We bought this shark ion in June 2018. I wouldn't buy it again for our current situation. When new, it worked pretty well. But over time it began to clog more commonly and it just didn't hold up as well as I expected. We stopped using it and went back to using corded dyson. It just has WAY more power. So much so that it's worth the extra hassle vs cordless. ...keep in mind, we have 4 little boys so there is serious dirt in our house. For lighter use, I can see how cordless options are useful.

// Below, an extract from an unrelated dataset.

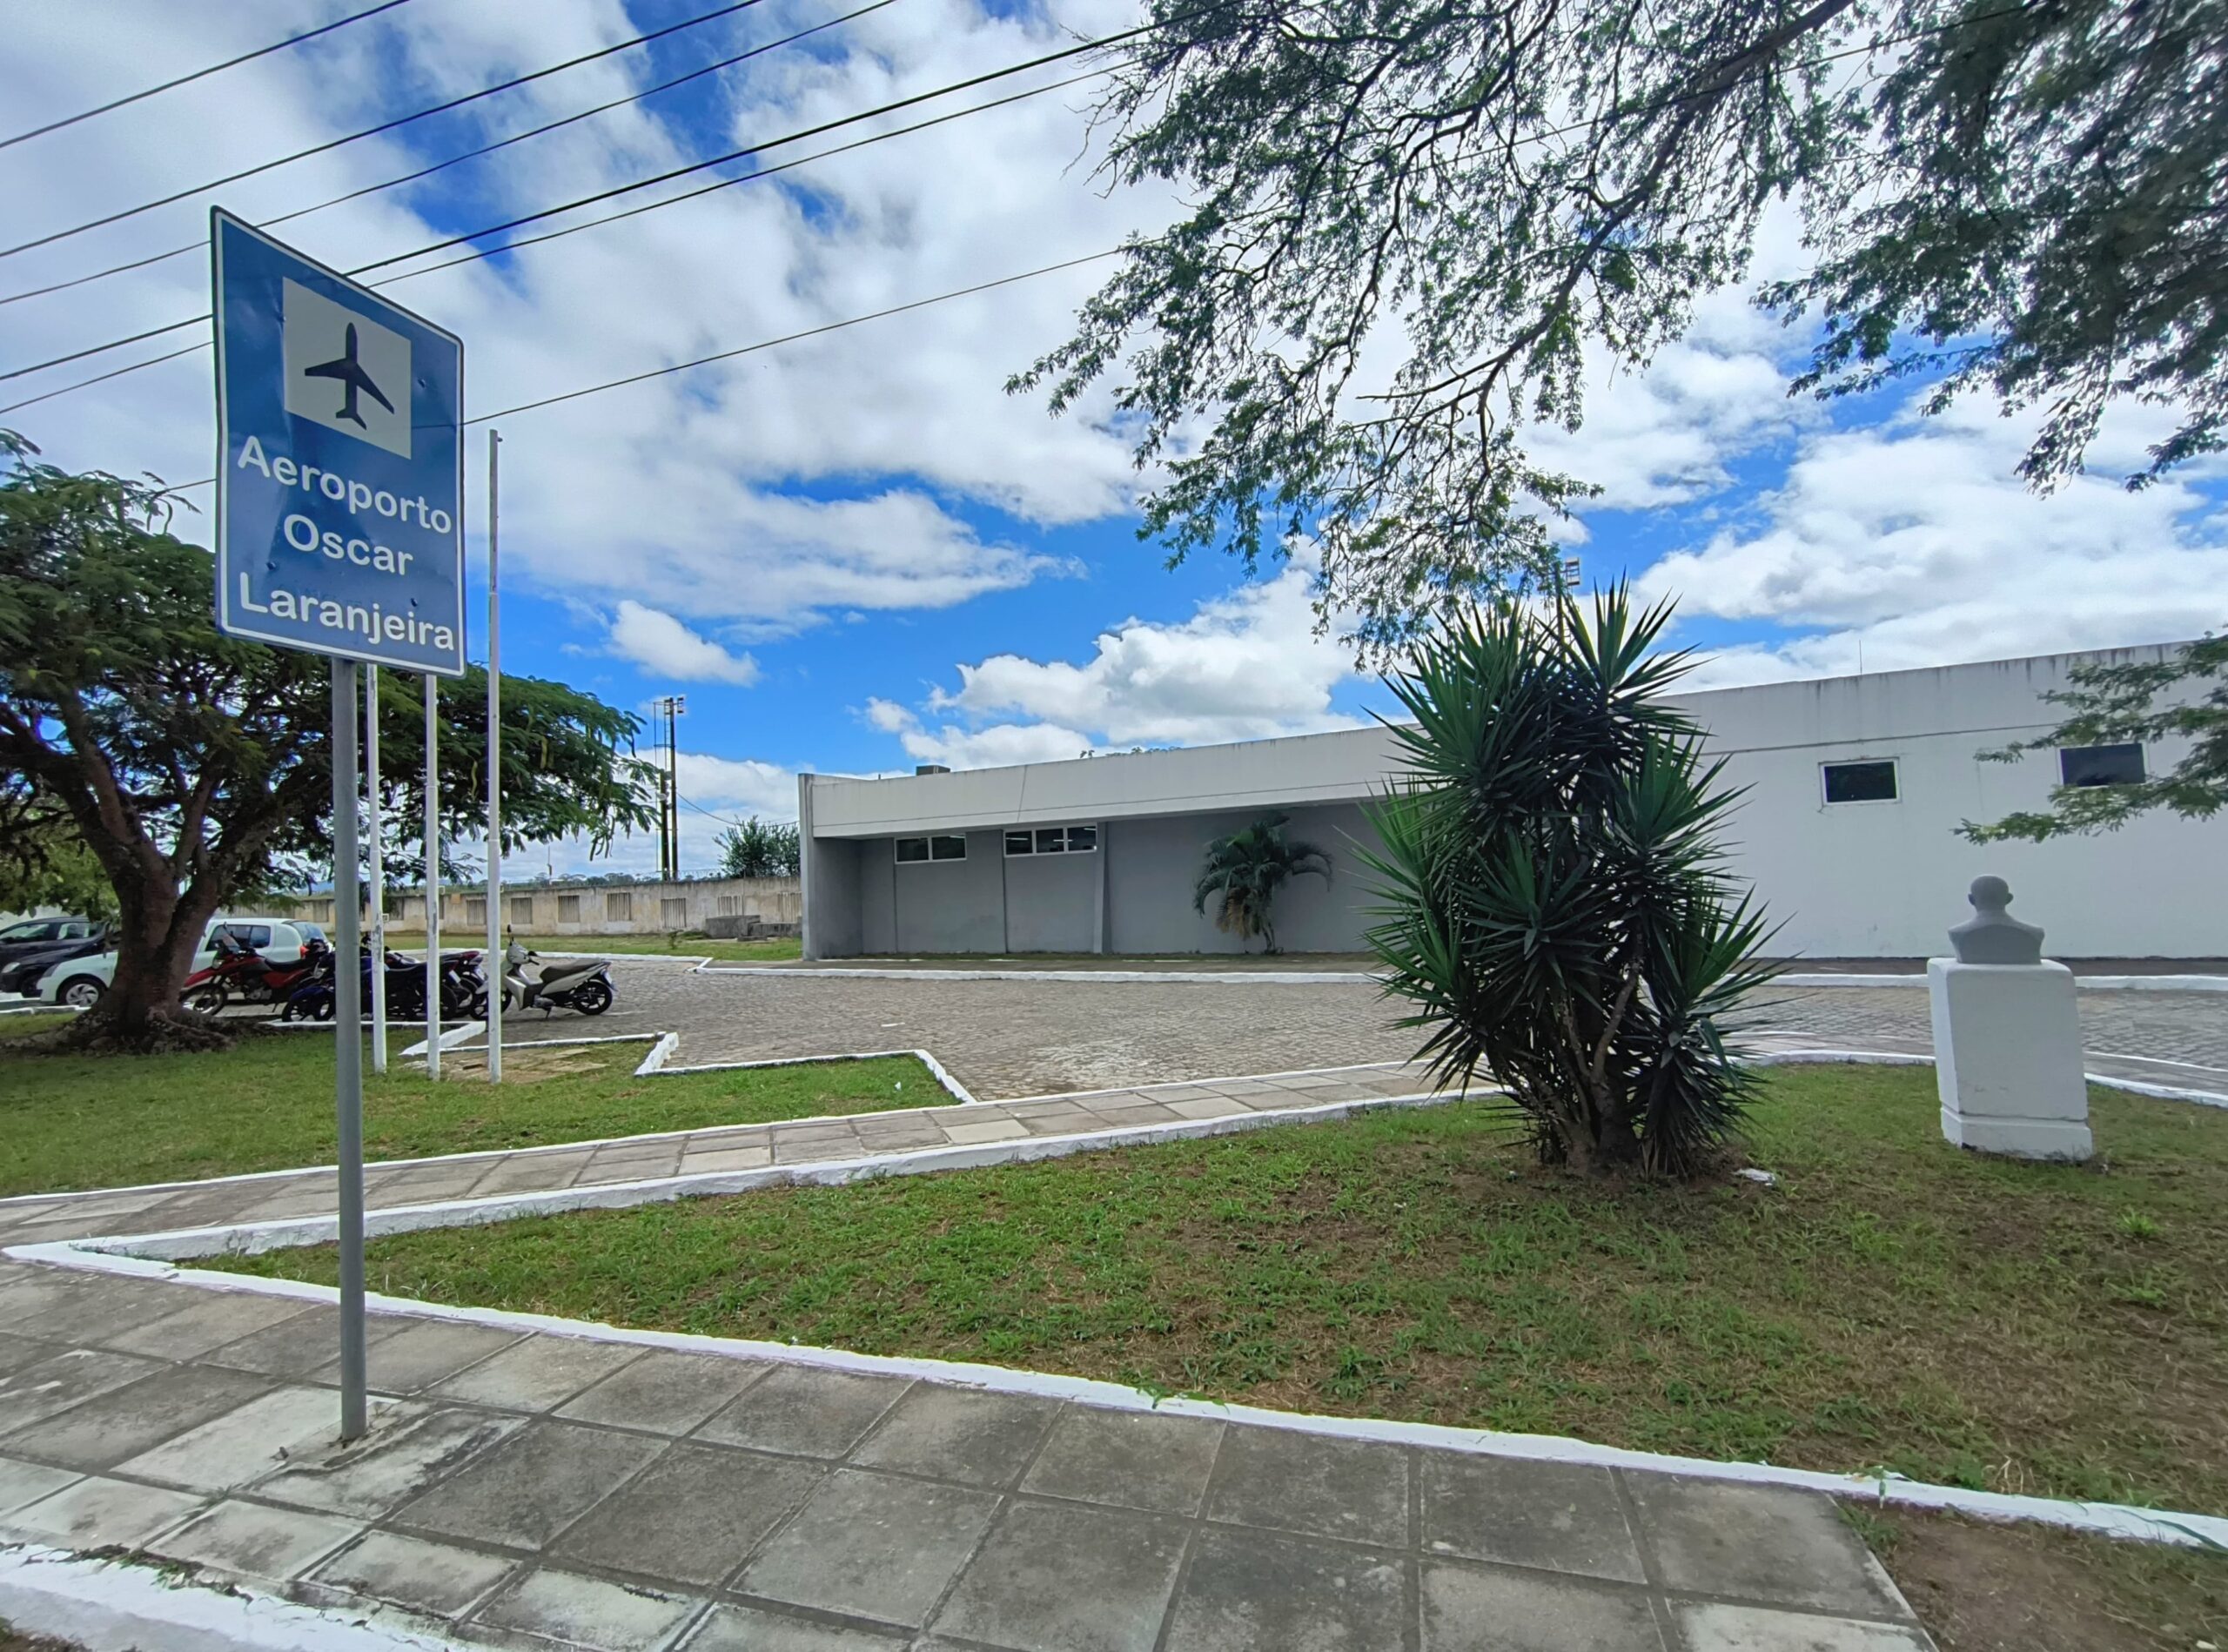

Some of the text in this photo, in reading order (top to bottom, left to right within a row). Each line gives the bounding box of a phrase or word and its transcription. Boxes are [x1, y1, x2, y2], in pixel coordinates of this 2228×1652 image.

[238, 436, 452, 534] Aeroporto
[283, 514, 413, 575] Oscar
[239, 571, 454, 651] Laranjeira

Shark DuoClean Cordless Ultra-Light Vacuum IONFlex, IF201, Green https://smile.amazon.com/dp/B074F2YGBC/ref=cm_sw_r_cp_api_glc_fabc_MWzcGb4TVNPCQ?_encoding=UTF8&psc=1


----------



## ionicatoms

Late last night I was browsing Home Depot and saw they had a sale ending: Dyson V8 for $239. It was the lowest end model, but still $110 off the normal price. Bought it for my mother (because it is fairly light weight) and hoping she likes it. I think cordless is going to be a real pleasure for her.


----------



## Jacks_Designs

Ware said:


> Does anyone have any recommendations for a cordless vacuum for use on a mix of hard floors (tile and wood) and carpet? I'm not necessarily looking for a replacement for the corded upright vacuum - just something to clean up the localized messes left by my wife and 3yo daughter... and maybe me occasionally tracking some grass clippings or something in.
> 
> I've looked at the Dyson®[/sup] and Shark[sup]® offerings, but wondering if there are better options. I don't mind paying for performance, but dang, they can get expensive.

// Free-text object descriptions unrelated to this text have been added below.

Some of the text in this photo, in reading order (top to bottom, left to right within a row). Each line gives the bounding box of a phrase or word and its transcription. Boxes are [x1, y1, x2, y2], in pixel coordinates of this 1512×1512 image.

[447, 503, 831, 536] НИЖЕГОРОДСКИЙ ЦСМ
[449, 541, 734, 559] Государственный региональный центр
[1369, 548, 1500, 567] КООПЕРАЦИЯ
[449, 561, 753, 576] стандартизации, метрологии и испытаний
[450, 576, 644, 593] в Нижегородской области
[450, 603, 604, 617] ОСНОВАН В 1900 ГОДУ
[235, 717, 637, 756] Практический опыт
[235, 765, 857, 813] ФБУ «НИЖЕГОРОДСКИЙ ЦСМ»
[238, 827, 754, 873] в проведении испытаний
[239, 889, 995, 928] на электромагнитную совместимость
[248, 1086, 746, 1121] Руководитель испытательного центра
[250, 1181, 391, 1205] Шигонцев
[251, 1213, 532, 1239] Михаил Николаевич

I'm not a huge fan of cordless vacuums but I would only recommend a Miele.

https://www.mieleusa.com/e/cordless-stick-vacuum-cleaners-1268048-c

The canister Miele are top notch and will last you 15-20 years. 
https://www.mieleusa.com/e/canister-vacuum-cleaners-1016468-c


----------



## White94RX

ionicatoms said:


> Late last night I was browsing Home Depot and saw they had a sale ending: Dyson V8 for $239. It was the lowest end model, but still $110 off the normal price. Bought it for my mother (because it is fairly light weight) and hoping she likes it. I think cordless is going to be a real pleasure for her.


We also bought a Dyson V8 and my wife is super happy with it. The V6 is relegated to basement duty, and the V8 handles the main floor. I think we paid either $250 or $300 from Bed Bath and Beyond, but then of course got 20% off of that, and then another $50 rebate that goes to our BBB rewards and can be used towards anything in the store.


----------



## Deltahedge

We've got the DysonV7 and love it. We have a large corded Dyson vacuum that we hardly ever use anymore, because the V7 gets the job done.

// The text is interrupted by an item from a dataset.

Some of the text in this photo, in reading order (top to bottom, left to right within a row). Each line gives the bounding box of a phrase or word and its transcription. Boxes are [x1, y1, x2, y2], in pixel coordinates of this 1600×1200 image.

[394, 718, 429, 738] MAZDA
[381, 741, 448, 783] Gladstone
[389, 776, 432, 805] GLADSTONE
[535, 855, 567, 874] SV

Our battery stopped working after about 2 years, but like Ware, I found a cheap replacement battery on Amazon and was up and running after that.


----------



## RichM

Good choice. I just got a V7 a few weeks ago. I've found that with the cordless vacuum I use it several times a week for a minute or two here and there since it's easy to use. With the corded upright it always felt like this big chore to vacuum the house dragging this cord around and moving it from outlet to outlet.


----------



## ionicatoms

I showed my father the cordless Dyson. He said, "I'll probably never use that."

lol &#128514;


----------



## Ware

RichM said:


> Good choice. I just got a V7 a few weeks ago. I've found that with the cordless vacuum I use it several times a week for a minute or two here and there since it's easy to use. With the corded upright it always felt like this big chore to vacuum the house dragging this cord around and moving it from outlet to outlet.


+1, with 2 small children we find ourselves using ours every single day.


----------



## SodFace

Just bought recently and will be returning soon "Bissell PowerSwift Ion XRT 16V Cordless Stick and Hand Vacuum" from Costco. Awful. I know it was only $170 CAD but the thing is useless as far as suction.

$500 for the lowest end Dyson is a tough pill to swallow when we have a central vac and Roomba. We want a little stick vac instead of sweeping or getting out the vac hose to clean up crumbled crackers etc.


----------



## Deltahedge

I would guess we use our V7 at least twice a day. Our 3 boys make the biggest mess when they eat. After they're done with a meal, they take their plates to the sink to rinse them off and then one of them vacuums around the table.


----------



## The_Beast

I have a shark P80, works great. Plus you can take the vacuum head off and hold in your non-dominate hand while using the broom. Super light weight doing it this way. Plus it has a floor and carpet bottom, super easy to switch between the two modes.


----------



## Bean4Me

Another Dyson household here. 2 uprights and a V11 from Costco. Little kids = non-stop vacuuming up after them.


----------